▶ _Work instructions_
The records below are to be returned word for word, with pictures left out.

(Records from a dataset)
= = = = = = =
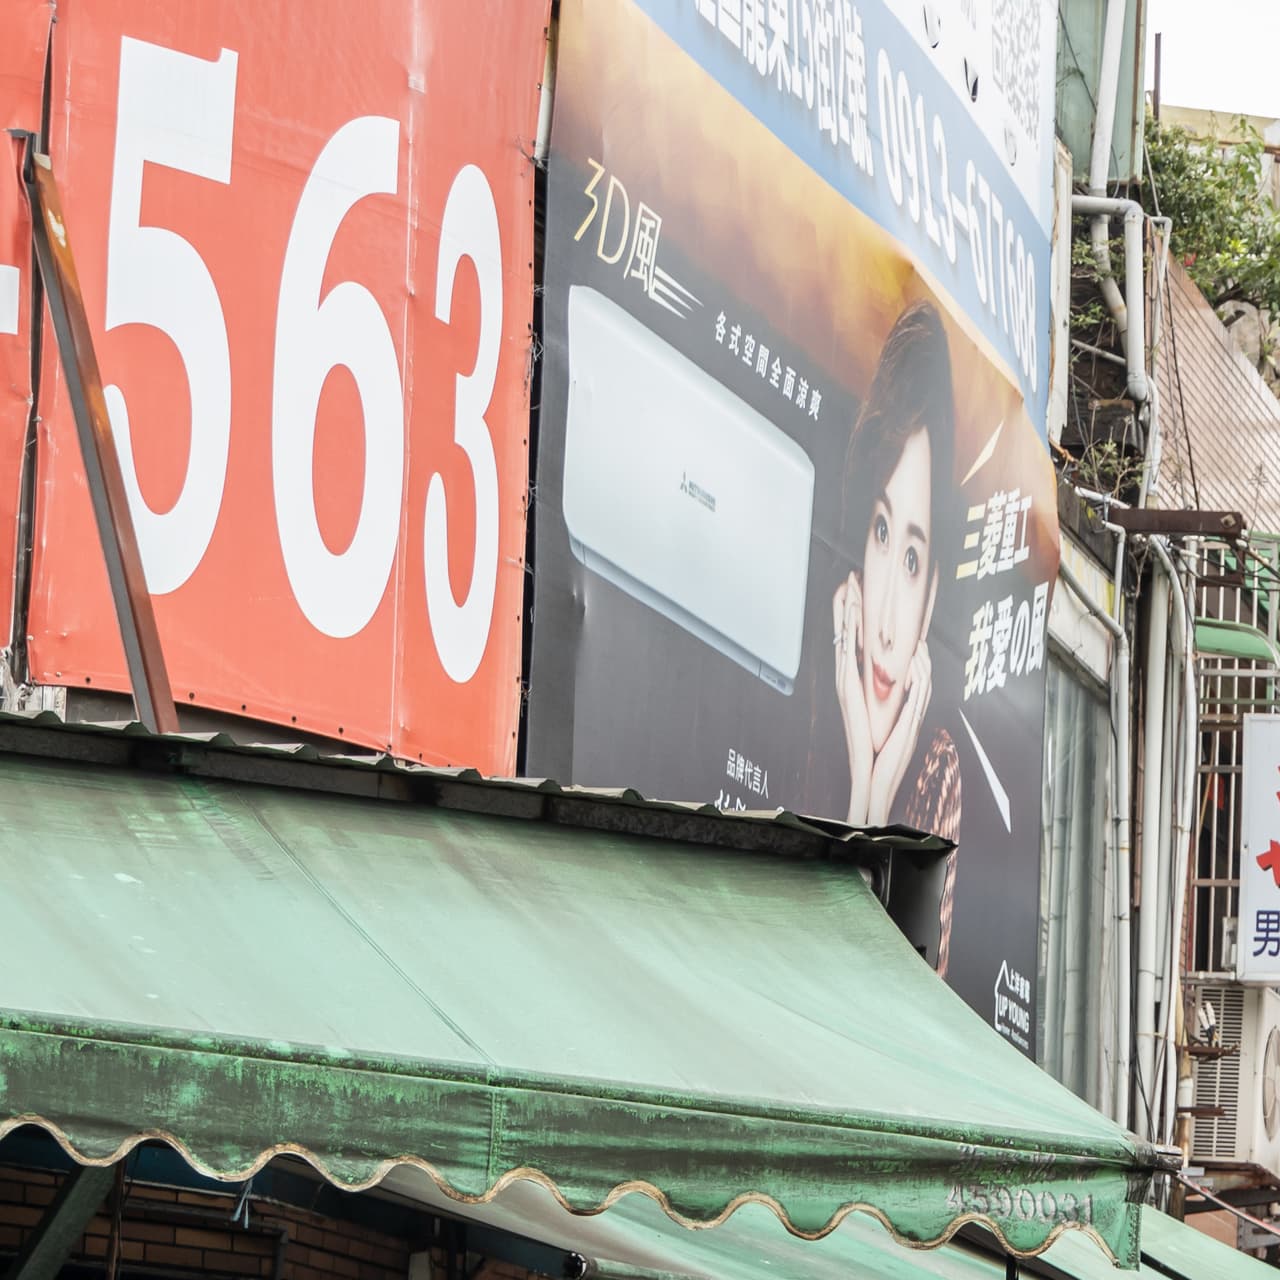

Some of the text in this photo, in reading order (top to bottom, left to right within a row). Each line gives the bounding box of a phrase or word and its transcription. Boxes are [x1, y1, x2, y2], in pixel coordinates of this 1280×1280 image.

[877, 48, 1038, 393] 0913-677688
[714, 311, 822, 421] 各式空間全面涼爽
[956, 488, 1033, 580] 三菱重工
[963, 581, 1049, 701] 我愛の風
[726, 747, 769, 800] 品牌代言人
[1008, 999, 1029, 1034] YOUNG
= = = = = = =
▶ _Written answer_
Some of the text in this photo, in reading order (top to bottom, left to right within a row). Each line gives the bounding box of a phrase or word and its transcription. Boxes are [x1, y1, x2, y2], in pixel coordinates of this 1280×1280 image.

[877, 48, 1038, 393] 0913-677688
[714, 311, 822, 421] 各式空間全面涼爽
[956, 488, 1033, 580] 三菱重工
[963, 581, 1049, 701] 我愛の風
[726, 747, 769, 800] 品牌代言人
[1008, 999, 1029, 1034] YOUNG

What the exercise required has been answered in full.